> Task
What is needed here is every entry, retyped exactly.

***

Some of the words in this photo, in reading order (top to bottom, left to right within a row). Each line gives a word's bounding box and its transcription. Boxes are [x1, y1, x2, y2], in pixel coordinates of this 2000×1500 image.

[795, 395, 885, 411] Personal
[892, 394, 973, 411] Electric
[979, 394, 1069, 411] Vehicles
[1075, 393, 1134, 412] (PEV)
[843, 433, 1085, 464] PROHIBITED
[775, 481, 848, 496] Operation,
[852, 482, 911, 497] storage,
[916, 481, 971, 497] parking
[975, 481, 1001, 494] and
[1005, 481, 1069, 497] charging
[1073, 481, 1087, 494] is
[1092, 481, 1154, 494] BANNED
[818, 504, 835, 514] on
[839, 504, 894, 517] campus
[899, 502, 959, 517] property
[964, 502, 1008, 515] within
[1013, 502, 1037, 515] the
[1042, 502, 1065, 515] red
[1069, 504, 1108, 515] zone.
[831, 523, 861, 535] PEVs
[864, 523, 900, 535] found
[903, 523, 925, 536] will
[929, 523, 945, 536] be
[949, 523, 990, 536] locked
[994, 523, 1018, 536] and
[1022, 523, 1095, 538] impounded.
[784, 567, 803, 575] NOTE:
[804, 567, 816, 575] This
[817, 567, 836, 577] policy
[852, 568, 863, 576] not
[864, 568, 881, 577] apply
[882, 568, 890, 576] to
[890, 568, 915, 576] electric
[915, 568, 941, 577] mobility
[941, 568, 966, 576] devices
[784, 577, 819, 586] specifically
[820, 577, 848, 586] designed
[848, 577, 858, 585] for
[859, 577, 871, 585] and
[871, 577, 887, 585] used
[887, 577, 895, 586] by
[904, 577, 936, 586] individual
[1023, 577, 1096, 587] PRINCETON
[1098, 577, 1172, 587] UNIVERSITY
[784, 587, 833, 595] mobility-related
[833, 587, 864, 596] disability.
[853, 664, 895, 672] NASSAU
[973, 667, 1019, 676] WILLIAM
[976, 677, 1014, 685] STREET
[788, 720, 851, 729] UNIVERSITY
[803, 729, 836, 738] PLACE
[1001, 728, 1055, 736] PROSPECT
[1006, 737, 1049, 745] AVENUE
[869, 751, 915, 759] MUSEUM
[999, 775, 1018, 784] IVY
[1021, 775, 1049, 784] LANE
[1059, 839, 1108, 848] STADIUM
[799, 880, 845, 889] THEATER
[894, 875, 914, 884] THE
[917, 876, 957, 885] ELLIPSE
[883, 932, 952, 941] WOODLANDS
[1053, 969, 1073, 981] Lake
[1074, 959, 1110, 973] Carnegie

***

> Your response
Some of the words in this photo, in reading order (top to bottom, left to right within a row). Each line gives a word's bounding box and its transcription. Boxes are [x1, y1, x2, y2], in pixel coordinates of this 2000×1500 image.

[795, 395, 885, 411] Personal
[892, 394, 973, 411] Electric
[979, 394, 1069, 411] Vehicles
[1075, 393, 1134, 412] (PEV)
[843, 433, 1085, 464] PROHIBITED
[775, 481, 848, 496] Operation,
[852, 482, 911, 497] storage,
[916, 481, 971, 497] parking
[975, 481, 1001, 494] and
[1005, 481, 1069, 497] charging
[1073, 481, 1087, 494] is
[1092, 481, 1154, 494] BANNED
[818, 504, 835, 514] on
[839, 504, 894, 517] campus
[899, 502, 959, 517] property
[964, 502, 1008, 515] within
[1013, 502, 1037, 515] the
[1042, 502, 1065, 515] red
[1069, 504, 1108, 515] zone.
[831, 523, 861, 535] PEVs
[864, 523, 900, 535] found
[903, 523, 925, 536] will
[929, 523, 945, 536] be
[949, 523, 990, 536] locked
[994, 523, 1018, 536] and
[1022, 523, 1095, 538] impounded.
[784, 567, 803, 575] NOTE:
[804, 567, 816, 575] This
[817, 567, 836, 577] policy
[852, 568, 863, 576] not
[864, 568, 881, 577] apply
[882, 568, 890, 576] to
[890, 568, 915, 576] electric
[915, 568, 941, 577] mobility
[941, 568, 966, 576] devices
[784, 577, 819, 586] specifically
[820, 577, 848, 586] designed
[848, 577, 858, 585] for
[859, 577, 871, 585] and
[871, 577, 887, 585] used
[887, 577, 895, 586] by
[904, 577, 936, 586] individual
[1023, 577, 1096, 587] PRINCETON
[1098, 577, 1172, 587] UNIVERSITY
[784, 587, 833, 595] mobility-related
[833, 587, 864, 596] disability.
[853, 664, 895, 672] NASSAU
[973, 667, 1019, 676] WILLIAM
[976, 677, 1014, 685] STREET
[788, 720, 851, 729] UNIVERSITY
[803, 729, 836, 738] PLACE
[1001, 728, 1055, 736] PROSPECT
[1006, 737, 1049, 745] AVENUE
[869, 751, 915, 759] MUSEUM
[999, 775, 1018, 784] IVY
[1021, 775, 1049, 784] LANE
[1059, 839, 1108, 848] STADIUM
[799, 880, 845, 889] THEATER
[894, 875, 914, 884] THE
[917, 876, 957, 885] ELLIPSE
[883, 932, 952, 941] WOODLANDS
[1053, 969, 1073, 981] Lake
[1074, 959, 1110, 973] Carnegie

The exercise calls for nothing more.